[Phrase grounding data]
━━━

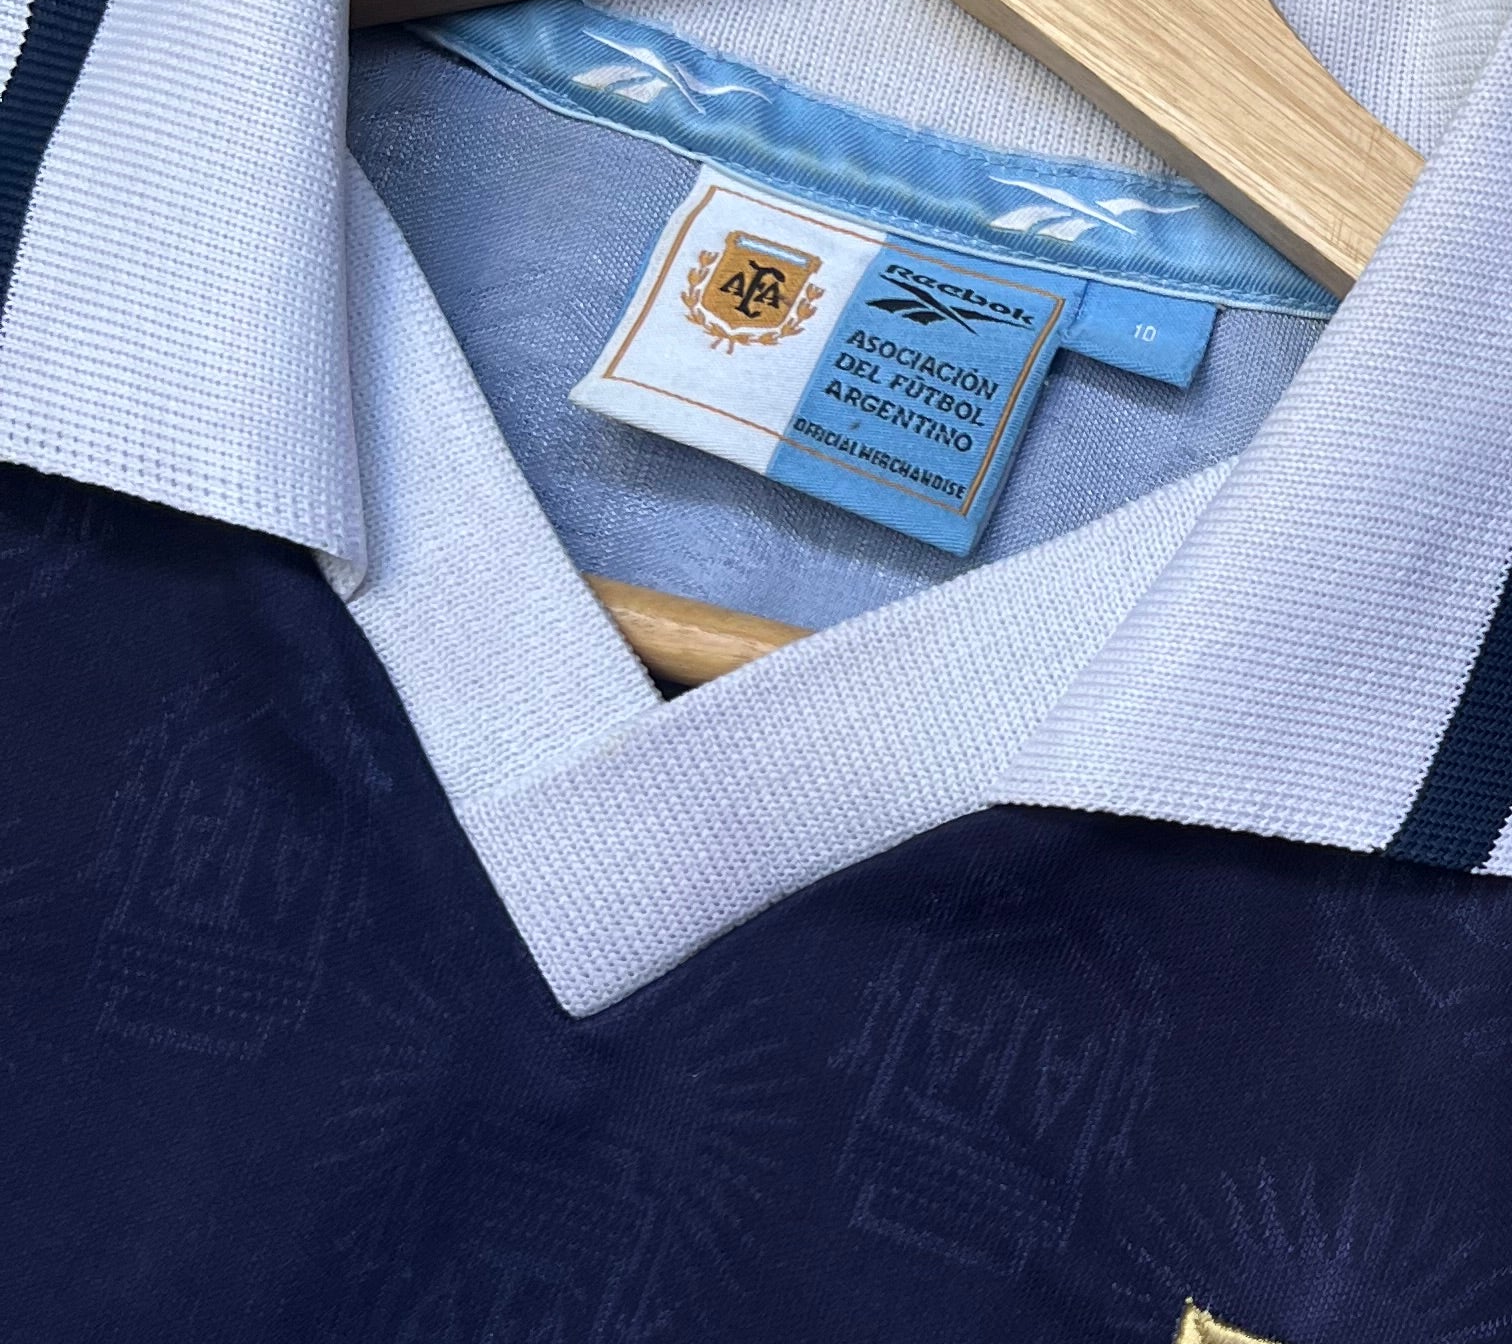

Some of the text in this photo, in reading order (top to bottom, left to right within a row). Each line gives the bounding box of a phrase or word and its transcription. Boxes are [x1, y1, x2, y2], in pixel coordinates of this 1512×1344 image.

[885, 264, 1035, 325] Reebok
[847, 329, 998, 400] ASOCIACIÓN
[1134, 323, 1157, 342] 10
[824, 378, 973, 452] ARGENTINO
[834, 352, 985, 427] DEL FÚTBOL
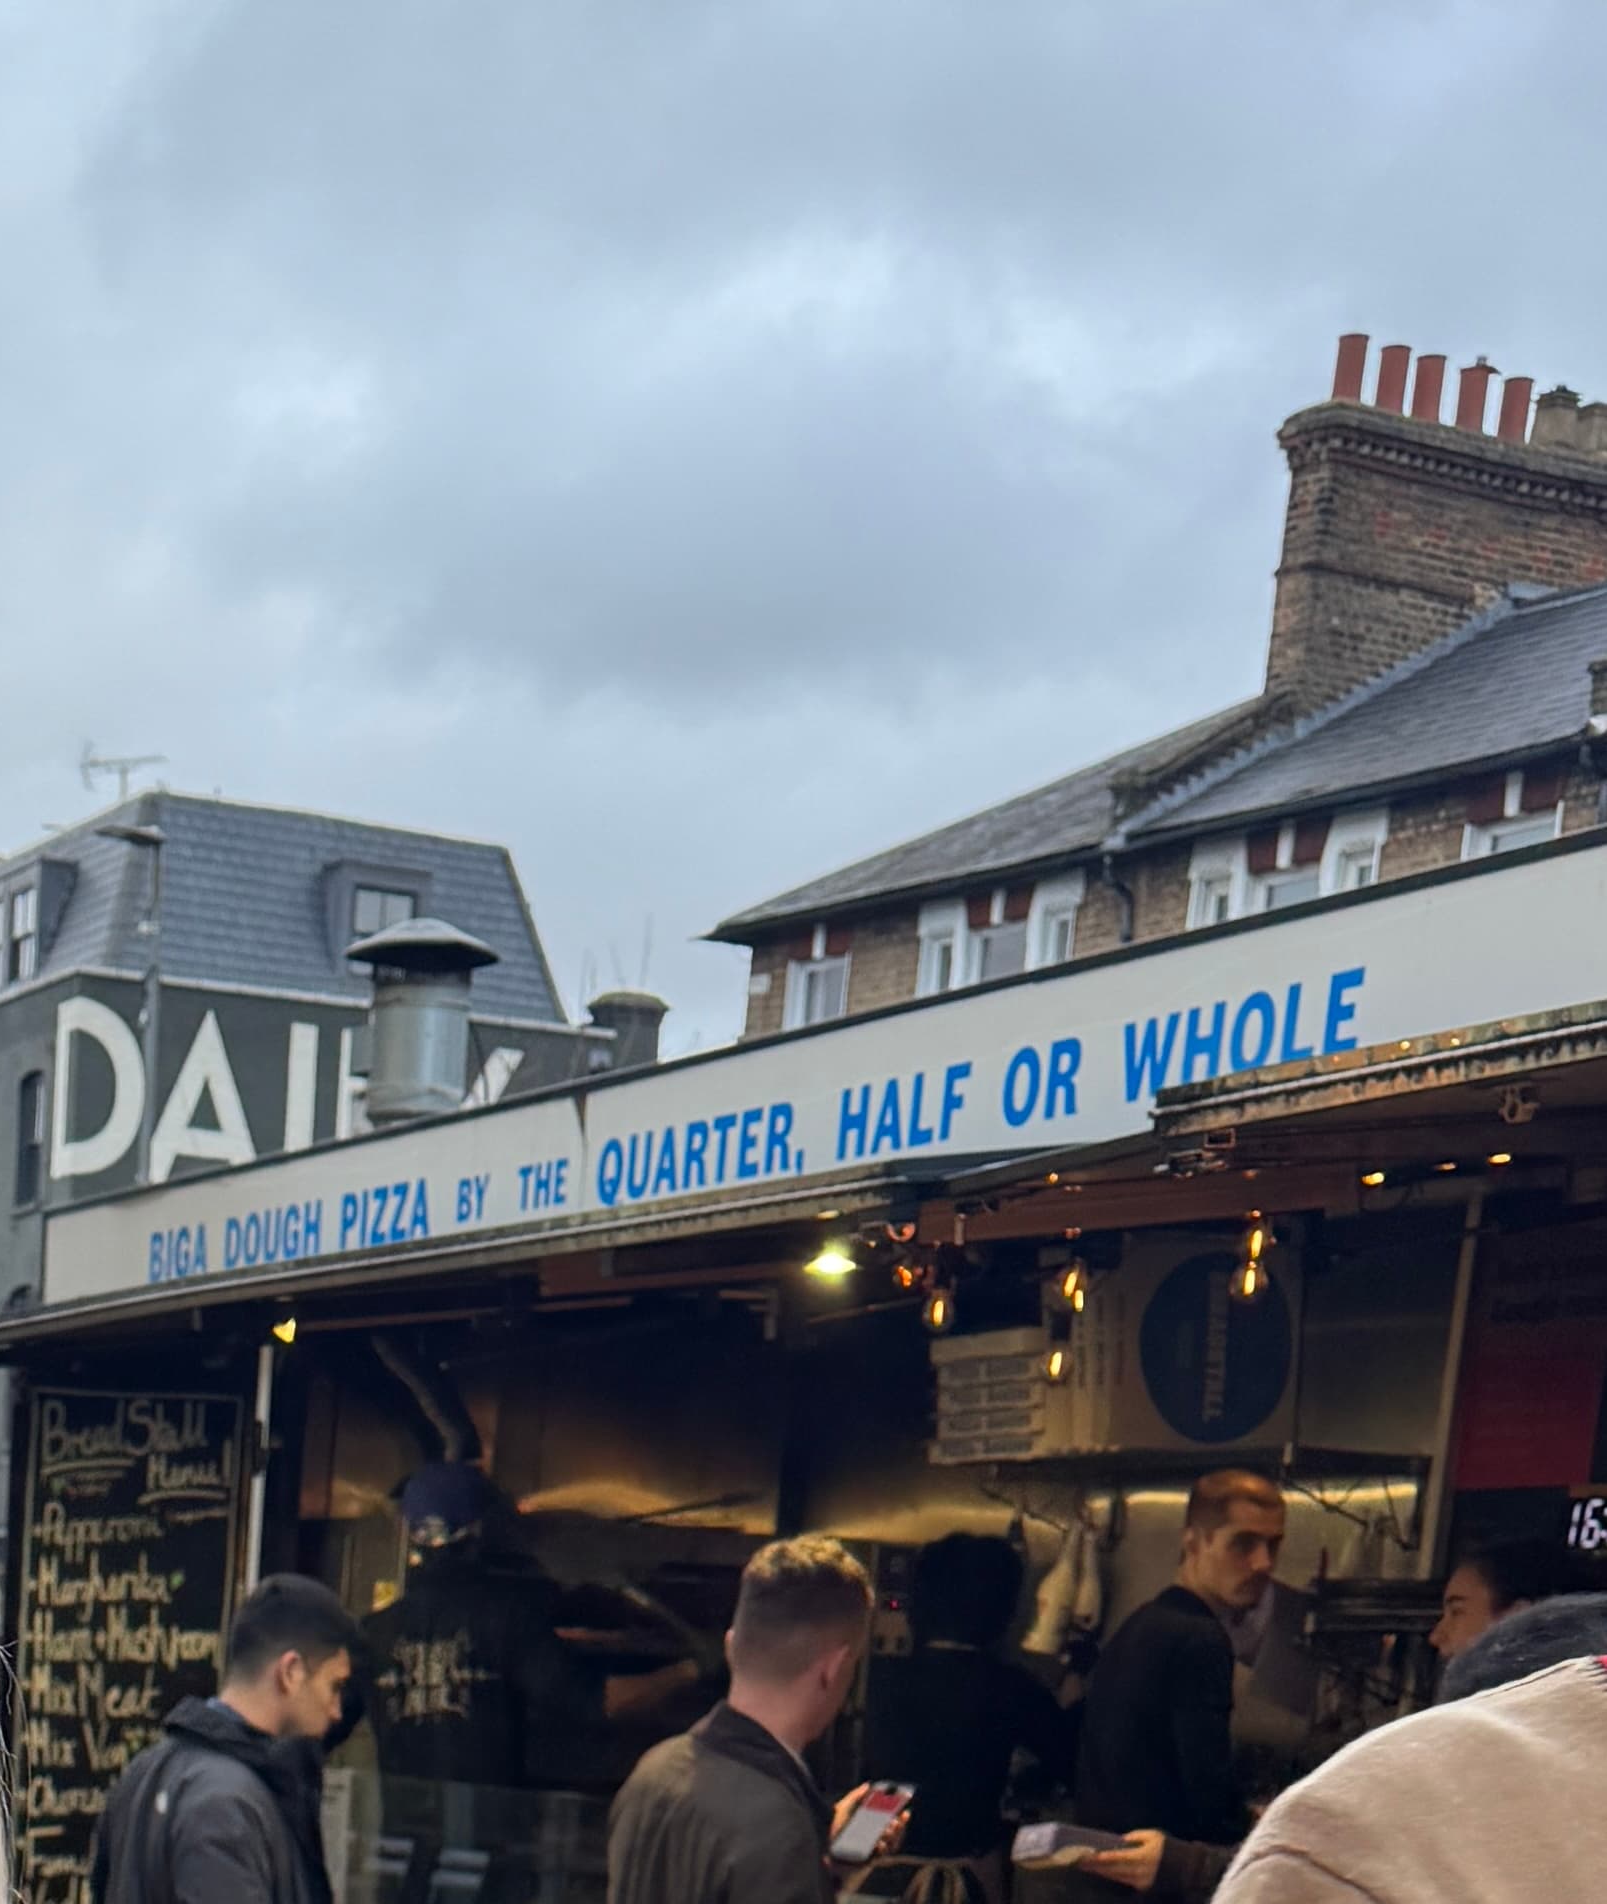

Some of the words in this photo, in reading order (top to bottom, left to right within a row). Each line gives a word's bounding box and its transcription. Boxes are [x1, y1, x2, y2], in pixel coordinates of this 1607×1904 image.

[149, 1222, 207, 1283] BIGA
[225, 1199, 323, 1267] DOUGH
[340, 1177, 429, 1250] PIZZA
[456, 1174, 490, 1223] BY
[519, 1159, 569, 1211] THE
[598, 1102, 804, 1207] QUARTER,
[838, 1062, 971, 1160] HALF
[1004, 1038, 1081, 1127] OR
[1124, 968, 1365, 1102] WHOLE
[128, 1399, 209, 1456] Stall

━━━

◆ WHAT YOU ARE ASKED TO DO:
Copy every record above exactly as written, but leave out the pictures.

◆ FINAL ANSWER:
Some of the text in this photo, in reading order (top to bottom, left to right within a row). Each line gives the bounding box of a phrase or word and its transcription. Boxes are [x1, y1, x2, y2], in pixel coordinates of this 1512×1344 image.

[885, 264, 1035, 325] Reebok
[847, 329, 998, 400] ASOCIACIÓN
[1134, 323, 1157, 342] 10
[824, 378, 973, 452] ARGENTINO
[834, 352, 985, 427] DEL FÚTBOL

Some of the words in this photo, in reading order (top to bottom, left to right within a row). Each line gives a word's bounding box and its transcription. Boxes are [x1, y1, x2, y2], in pixel coordinates of this 1607×1904 image.

[149, 1222, 207, 1283] BIGA
[225, 1199, 323, 1267] DOUGH
[340, 1177, 429, 1250] PIZZA
[456, 1174, 490, 1223] BY
[519, 1159, 569, 1211] THE
[598, 1102, 804, 1207] QUARTER,
[838, 1062, 971, 1160] HALF
[1004, 1038, 1081, 1127] OR
[1124, 968, 1365, 1102] WHOLE
[128, 1399, 209, 1456] Stall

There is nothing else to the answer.